The queue system
In order to manage jobs, a queue manager called Torque (PBS Parallel Batch System implementation), is active.
A batch job consists of a regular bash script containing resource requests (eg amount of nodes/cores/memory). When enough resources are available, your script is launched on the assigned node. The script should make sure the application is launched on the assigned nodes. The way this is done is application specific and probably explained in the application documentation (eg Matlab parallel toolbox). Keep in mind the queue doesn't do any magic, it only assigns nodes, launches the script and waits until the script finishes.

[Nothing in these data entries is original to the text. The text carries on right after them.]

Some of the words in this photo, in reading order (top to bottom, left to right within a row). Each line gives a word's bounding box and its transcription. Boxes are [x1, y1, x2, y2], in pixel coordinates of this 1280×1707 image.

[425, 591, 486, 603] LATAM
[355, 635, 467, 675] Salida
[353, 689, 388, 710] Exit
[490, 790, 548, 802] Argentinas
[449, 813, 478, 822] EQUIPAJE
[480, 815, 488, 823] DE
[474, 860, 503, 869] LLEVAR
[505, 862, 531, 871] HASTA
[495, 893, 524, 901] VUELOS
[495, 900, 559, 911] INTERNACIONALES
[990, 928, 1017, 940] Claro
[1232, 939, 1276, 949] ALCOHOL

The three most used user commands in a PBS/Torque queue system are:
qsub
Usage: qsub <job script>
Submits a job into the queue system, specified in the file <job script>
. This is a shell command file with extra PBS queue directives.
A simple example job looks like this:
#!/bin/sh # #PBS -N echo_test #PBS -l nodes=1,walltime=01:00:00 #PBS -q guest #PBS -M J.Smith@example.com #PBS -o out.$PBS_JOBID #PBS -e err.$PBS_JOBID # Start echo_test example job cd $PBS_O_WORKDIR echo "hello"
This script will change to the directory where the job file is submitted, run the shell command 'echo “hello”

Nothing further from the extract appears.